## TASK
All of the records that follow need to be copied word for word, without the pictures.
━━━━━ LISTED RECORDS
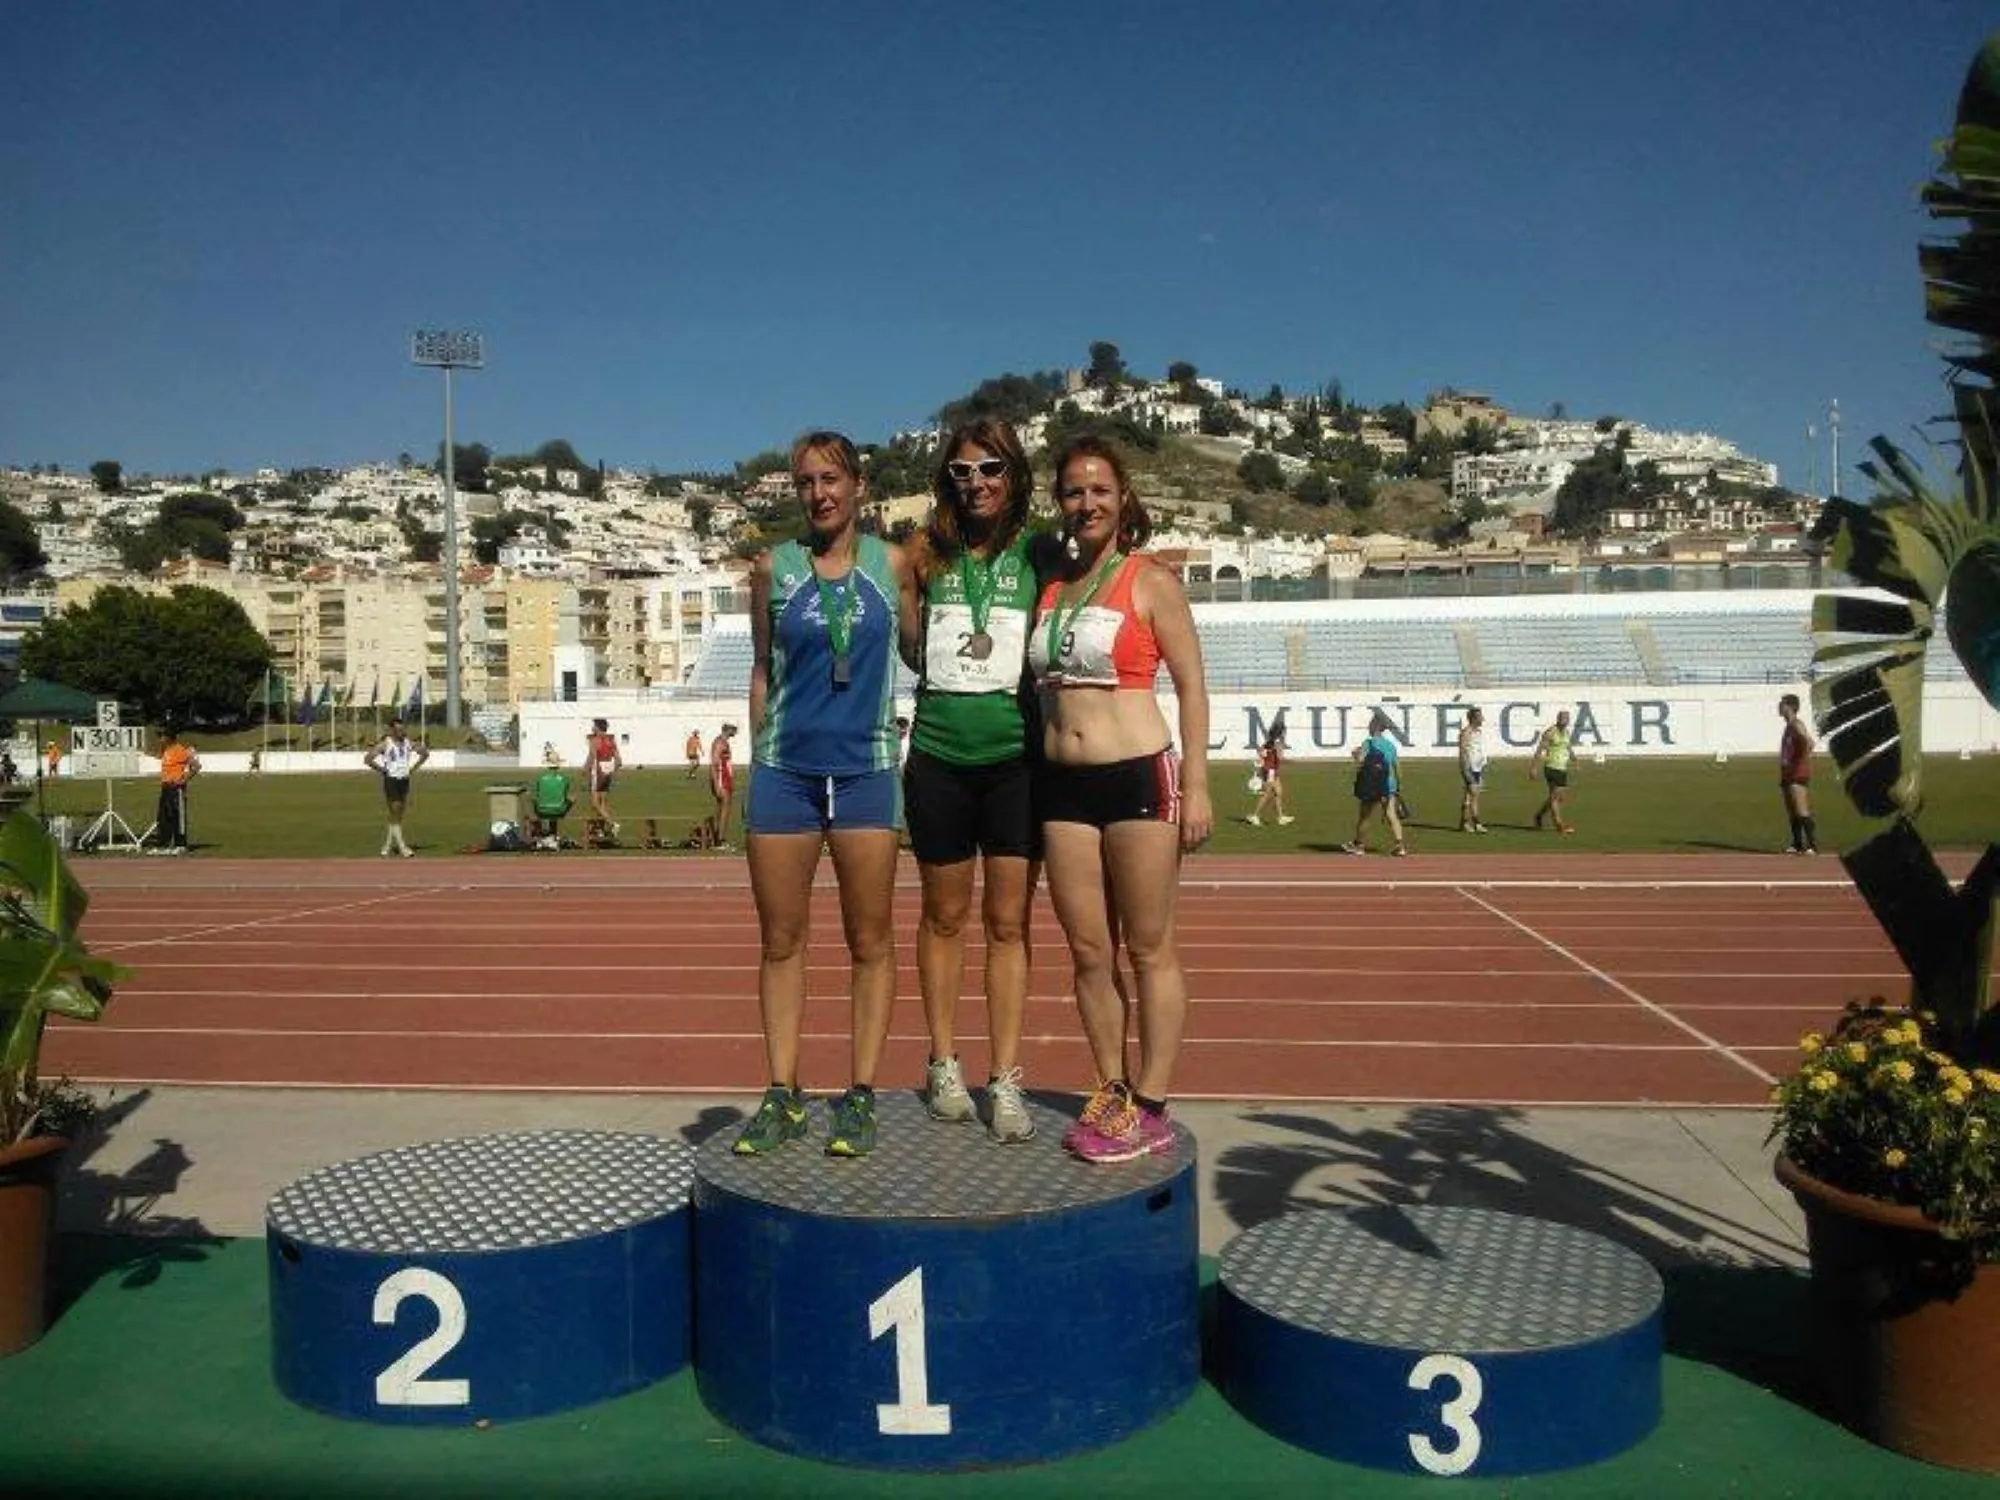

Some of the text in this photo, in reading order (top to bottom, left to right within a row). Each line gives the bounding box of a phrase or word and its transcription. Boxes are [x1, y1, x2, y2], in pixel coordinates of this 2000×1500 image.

[102, 703, 115, 722] 5
[371, 1267, 470, 1406] 2
[868, 1265, 951, 1436] 1
[1408, 1353, 1483, 1477] 3
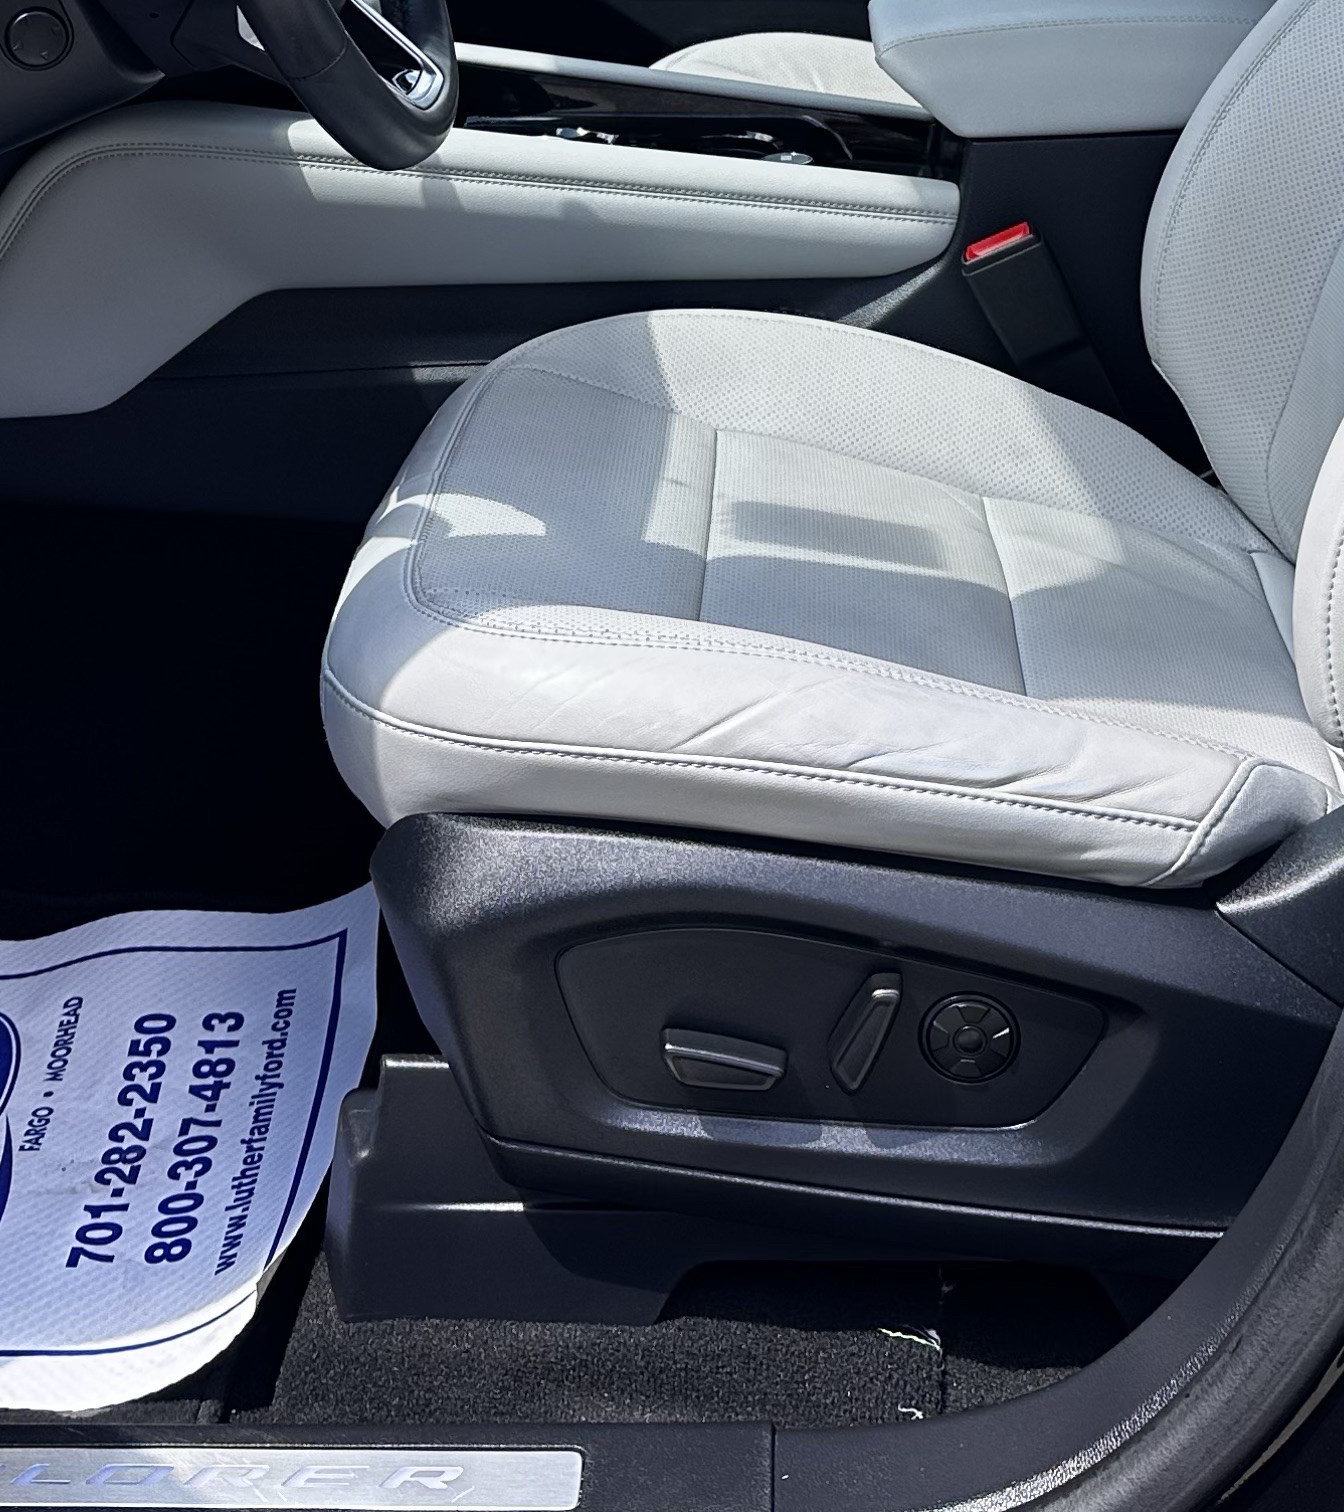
━━━━━━━━━━
## EXERCISE ANSWER
Some of the text in this photo, in reading order (top to bottom, left to right within a row). Each line gives the bounding box of a phrase or word and its transcription. Boxes are [x1, y1, x2, y2], in pixel coordinates of this 2000×1500 image.

[102, 703, 115, 722] 5
[371, 1267, 470, 1406] 2
[868, 1265, 951, 1436] 1
[1408, 1353, 1483, 1477] 3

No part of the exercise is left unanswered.